Water striders skate easily on the surface of water mainly because their low body mass and superhydrophobic legs allow them to be supported on their tarsi (the proximal segment of an arthropod’s foot) by surface tension alone (13). They are able to generate sufficient vertical propulsion to disengage or jump from the water surface—actions that require high momentum with a high vertical take-off velocity.

Previous studies of the mechanics of water-“walking” in a variety of animals, from small insects to reptiles, elucidated the mode of momentum transfer to the water (16): The velocity of the driving leg was found to play a dominant role. Comparatively heavy animals with a high Baudoin number [Ba = Mg/(σP) >> 1, where M is the mass, g is the gravitational acceleration, σ = 72 mN m−1 is the surface tension of water at 25°C, and P is the contact perimeter] cannot float on the surface, so they commonly use high driving power and speed to generate inertial forces in the water large enough to support their weight. For example, the basilisk lizard paddles its foot downward to expand an air cavity under the water and then pulls its foot out of the water before the cavity collapses (7). Limb strokes at velocities higher than 30 ms−1 induce large hydrodynamic forces, including viscous drag and inertia from the water. In contrast, small arthropods covered with water-repellent integuments (a skin of the arthropod) can float on water without effort because of surface tension (Ba < 1). Hu et al. (1, 4), Denny (5, 8), and Suter et al. (3) have reported plausible propulsion mechanisms for small water surface–dwelling animals. These animals achieve horizontal momentum transfer by generating a capillary wave on the water surface and vortices beneath the surface.

Although several small-scale robots inspired by the water strider have demonstrated the ability to float and locomote on water by partly or fully using surface tension (4, 9, 10), none of them jumps on water. Furthermore, jumping that involves interactions between the unconstrained free body and the liquid surface has been poorly understood at the scale of insects (11, 12). Jumping is vertical propulsion, and it requires different criteria from walking on water, which is lateral propulsion. In contrast to jumping on solid ground, a large driving force and fast stroke in the jumping leg do not guarantee a high take-off velocity on the water surface, especially for small insects (11, 12). There are small insects, such as pygmy mole crickets, that still manage to jump on water by taking advantage of viscosity via a high driving acceleration and leg velocity (>130,000° s−1). But their water-jumping performance is much lower than when they jump on solid ground (13).

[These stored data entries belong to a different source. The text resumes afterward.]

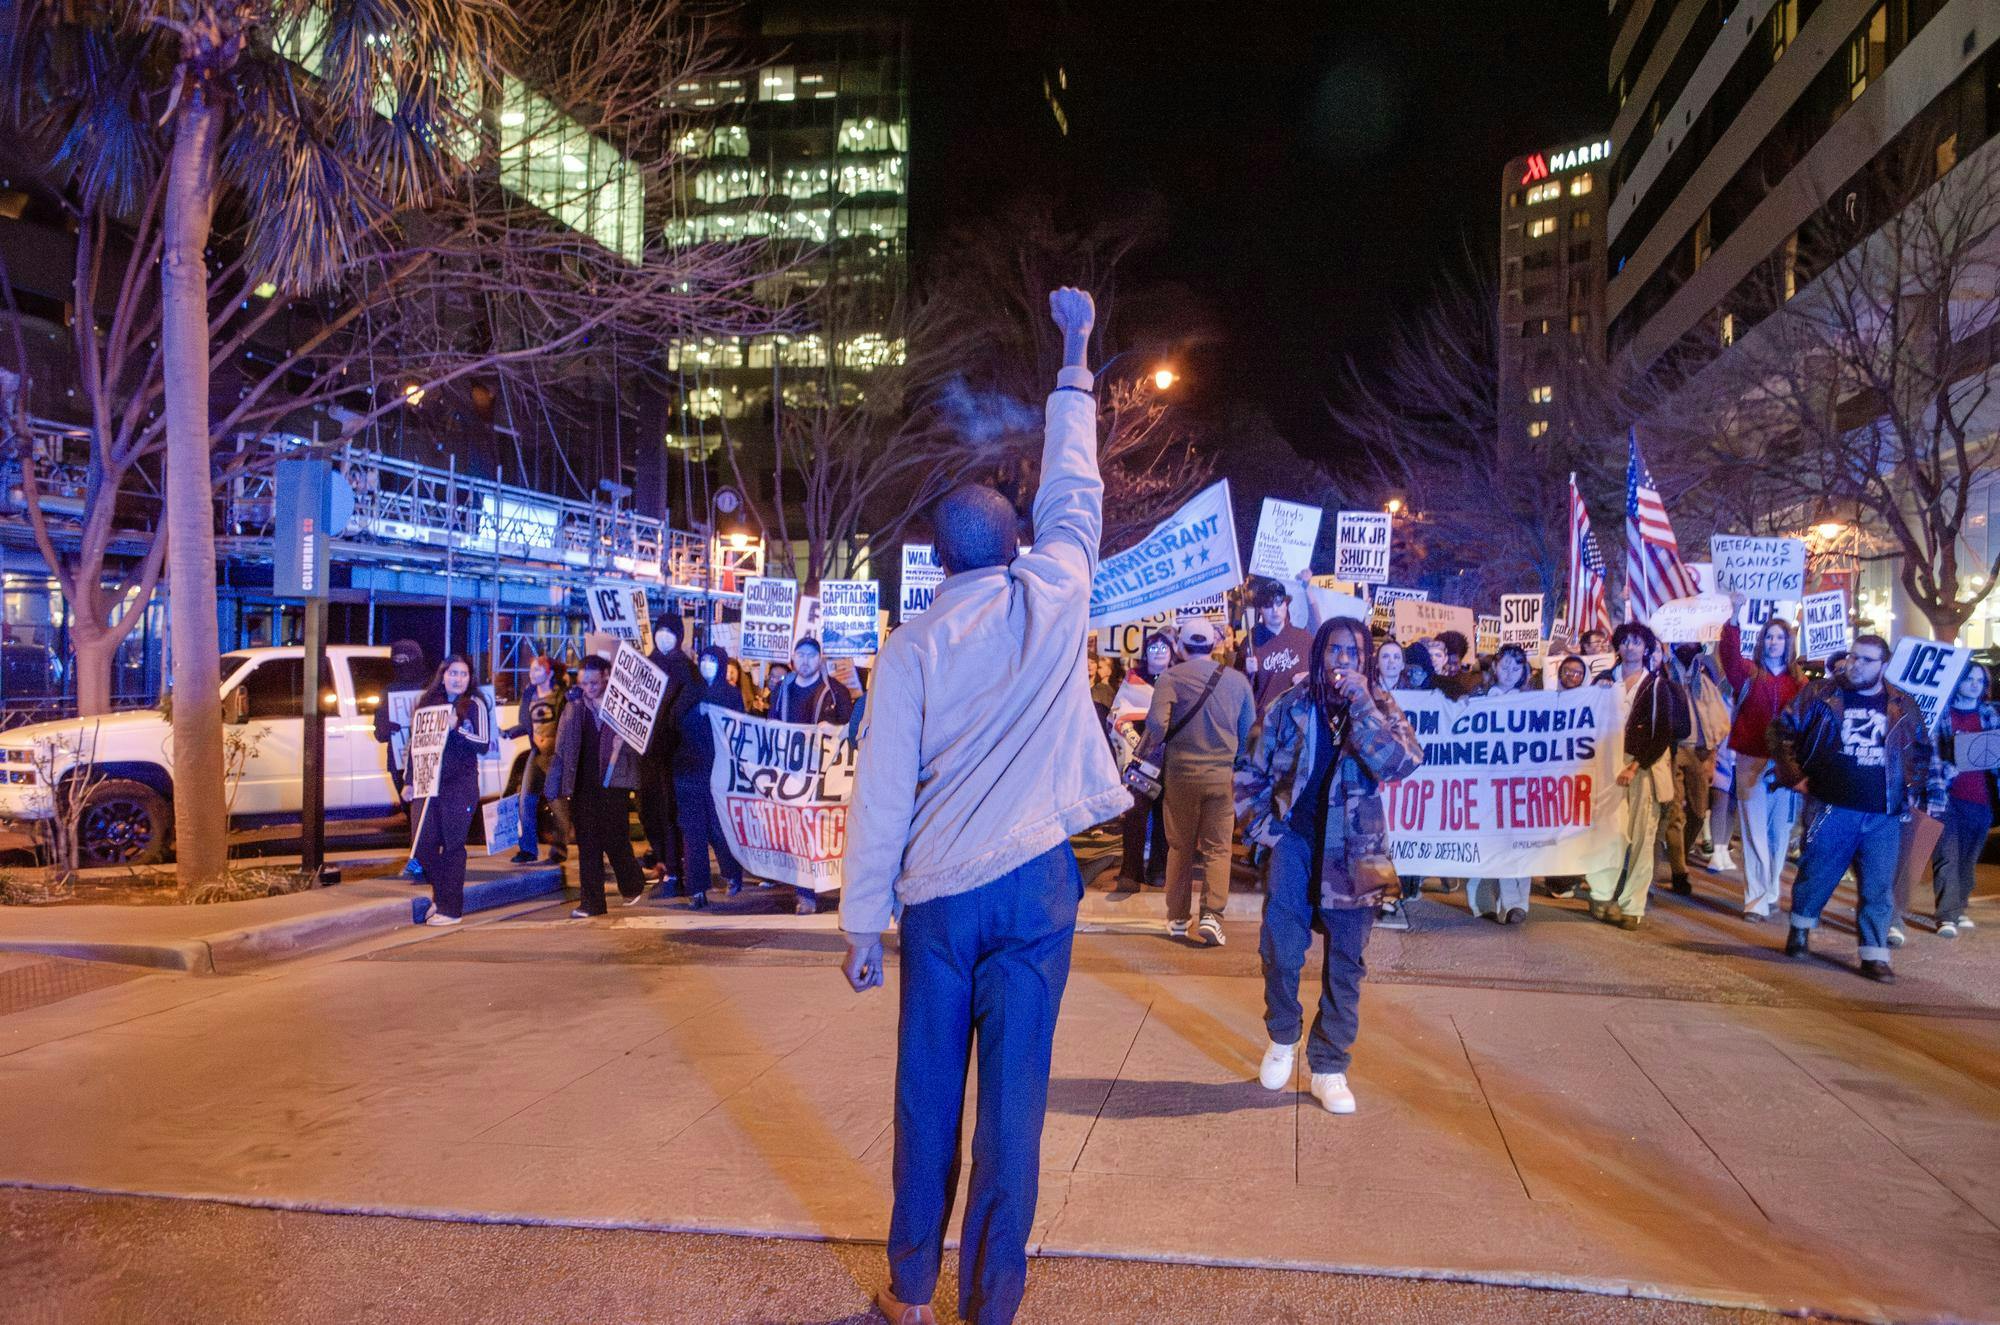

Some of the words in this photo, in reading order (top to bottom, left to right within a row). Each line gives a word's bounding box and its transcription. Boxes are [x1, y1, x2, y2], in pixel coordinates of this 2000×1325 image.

[1340, 526, 1367, 544] MLK
[1368, 526, 1386, 545] JR
[1713, 538, 1791, 556] VETERANS
[302, 535, 313, 591] COLUMBIA
[1340, 548, 1372, 567] SHUT
[1374, 549, 1386, 568] IT
[1725, 555, 1791, 569] AGAINST
[1338, 566, 1384, 574] DOWN!
[1717, 569, 1766, 593] RACIST
[595, 588, 627, 621] ICE
[746, 584, 793, 603] COLUMBIA
[822, 591, 877, 605] CAPITALISM
[903, 587, 934, 611] JAN
[745, 602, 792, 618] MINNEAPOLIS
[822, 604, 840, 617] HAS
[840, 604, 876, 617] OUTLIVED
[1175, 605, 1225, 614] NOW!
[1504, 598, 1540, 624] STOP
[1807, 604, 1828, 624] MLK
[1829, 603, 1842, 620] JR
[744, 621, 791, 632] STOP
[1502, 629, 1513, 641] ICE
[1514, 629, 1539, 641] TERROR
[1808, 624, 1834, 644] SHUT
[1834, 623, 1844, 639] IT
[743, 632, 756, 648] ICE
[757, 633, 790, 650] TERROR
[617, 649, 663, 697] COLUMBIA
[1899, 643, 1956, 688] ICE
[614, 666, 657, 711] MINNEAPOLIS
[609, 684, 653, 723] STOP
[416, 709, 449, 734] DEFEND
[604, 694, 617, 717] ICE
[616, 704, 649, 740] TERROR
[1451, 706, 1596, 735] COLUMBIA
[721, 716, 753, 764] THE
[754, 723, 832, 775] WHOLE
[1421, 736, 1596, 766] MINNEAPOLIS
[727, 758, 756, 795] IS
[1379, 779, 1435, 832] TOP
[1439, 777, 1480, 831] ICE
[1490, 774, 1592, 829] TERROR
[1434, 841, 1481, 863] DEFENSA

Water striders can jump on water as high as they can jump on land (1). When they are exposed to danger, they show extremely high jumping performance and land in an uncontrolled manner. We focused on this extreme case that achieves the maximum momentum transfer on water. To explore this amazing semi-aquatic motility, we collected water striders (Aquarius paludum) from a local pond and recorded them jumping on water in the laboratory with high-speed cameras (Fig. 1A and materials and methods section 1). We found that their ability to exploit the water surface comes from maximizing momentum transfer to the body, which is the integration of force with respect to time by Newton’s second law of motion. That is, the water strider gradually increases its leg force to the limit allowed by the water surface and maintains that force until it disengages from the water surface.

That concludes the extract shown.